A small building behind the Wynndel Community Hall has seen a lot of change in its lifetime. Once the changing room for the long-gone swimming pool, it has now become the Wynndel Arts Centre.

The arts centre grew out of volunteer renovations to make the building suitable for a pottery group, which became the Wynndel Mudders. Original Mudders Sandy Kunze and Bruce Johnston have since worked to expand the building’s use for workshops and classes.

“We decided it was time to get more utilization out of what is a very nice little structure, and to get more community involvement in arts and cultural programs,” Johnston said. “We need to do more than just pottery.”

Johnston said he used the Vernon Arts Centre as a model, and got ideas about how to organize an arts centre from it as well.

“Our only real obstacle was to have some way of taking registration and payment for classes,” Kunze, an artist who works in a variety of media, said.
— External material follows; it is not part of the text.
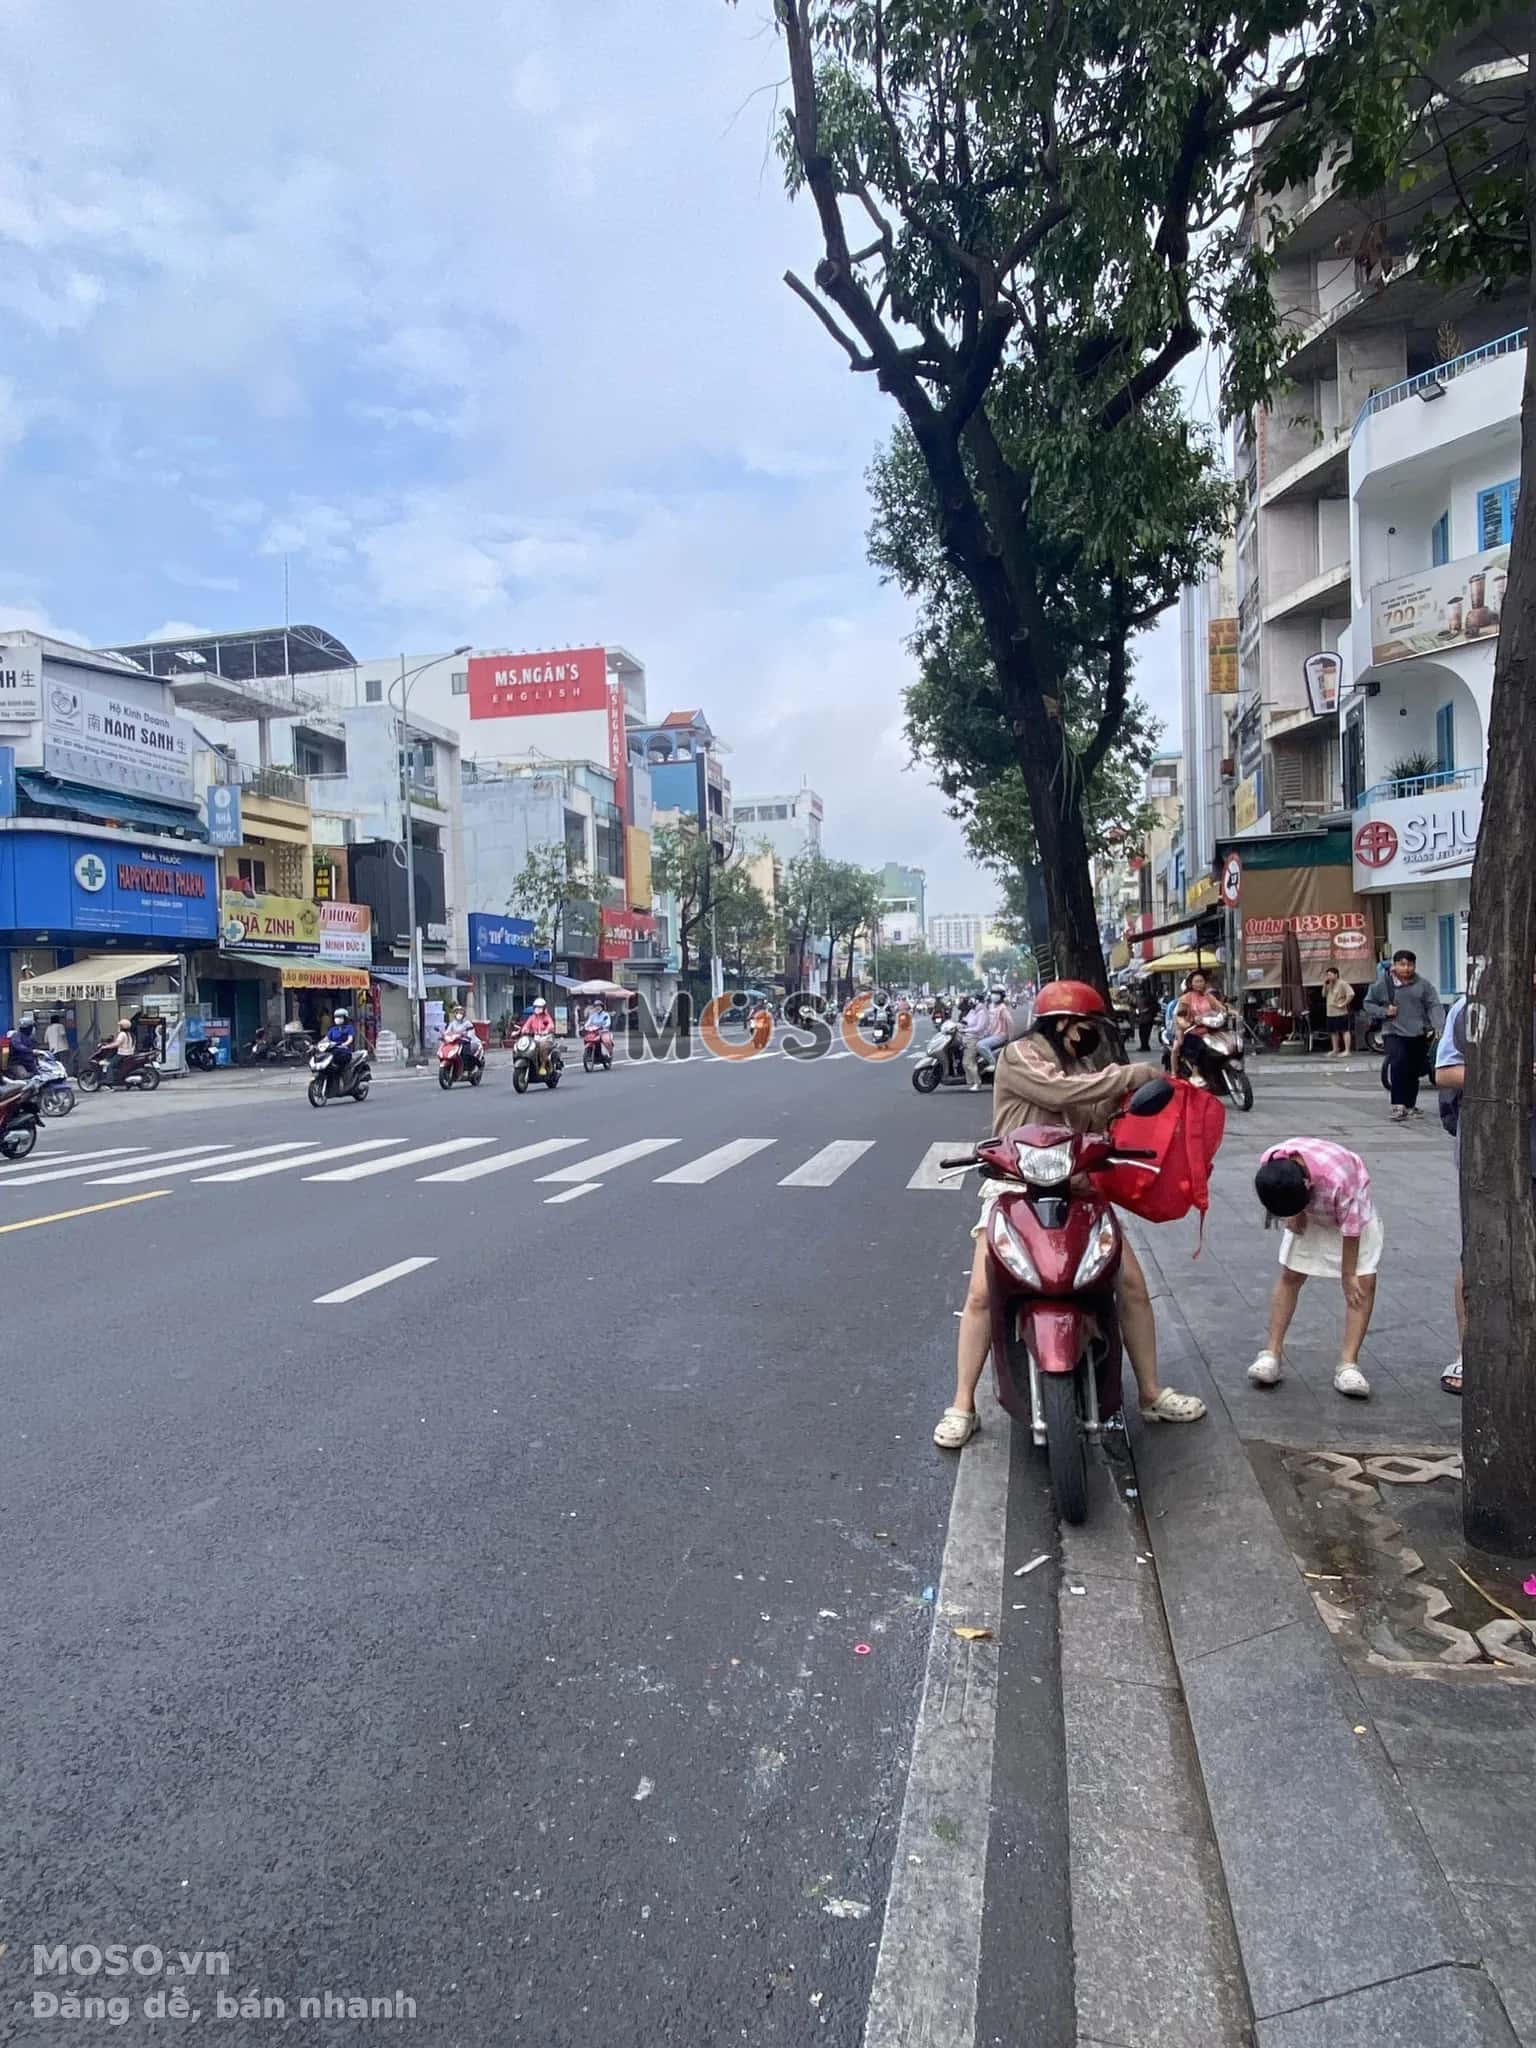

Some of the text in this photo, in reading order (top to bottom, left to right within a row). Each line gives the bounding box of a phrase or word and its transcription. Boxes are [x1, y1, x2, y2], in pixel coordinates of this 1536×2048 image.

“Then we talked to the College of the Rockies and found out they could handle that end for us,” Johnston said. “They told us we have become their ‘art campus.’ ”

The building is ideal, he said, because it has an easily cleaned concrete floor and laundry sinks.
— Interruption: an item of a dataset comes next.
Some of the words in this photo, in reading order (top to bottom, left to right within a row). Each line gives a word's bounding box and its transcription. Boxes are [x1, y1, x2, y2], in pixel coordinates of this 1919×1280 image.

“It’s the perfect set up for lots of different classes,” he said. “Now, Sandy has been using her network of artist friends to publicize the arts centre and see if they are interested in giving courses.”

Early classes, held mostly on weekends, have included a beginner’s clay workshop, tile mosaics, ceramic jewelry and learning to draw.

Also in the works is an after-school teen program that will include a variety of arts, including clay work, drawing, painting, printmaking and jewelry making.

“We have Cory Cannon involved and he will teach airbrushing,” Kunze said.

On a recent Saturday, Cannon was giving drawing lessons to a group of six adults. The next day, popular Creston Valley Farmer’s Market vendor Bea von Allmen was teaching students how to make ceramic jewellery.

“We are also working to make the studio available to individual artists to create their own work,” Johnston said. “There is a $2 drop-in fee. What we want is a place that people can just drop in to use the place whenever it is available and convenient for them.”

Visiting artists will also be invited to conduct workshops in their specialty. Kunze said the grounds around the building make it suitable for outdoor raku firing, a technique the Wynndel Mudders have promoted over the years.

And the pair sees opportunities to expand the uses for the building.

“I don’t know why we couldn’t offer, for instance, a Thai cooking class,” Johnston said. “All that’s really required to take on something new is a really interested person to support the activity.”

The Wynndel Arts Centre website is now under construction. In the meantime, course offerings are promoted on posters around town and on the College of the Rockies website, www.cotr.bc.ca/creston.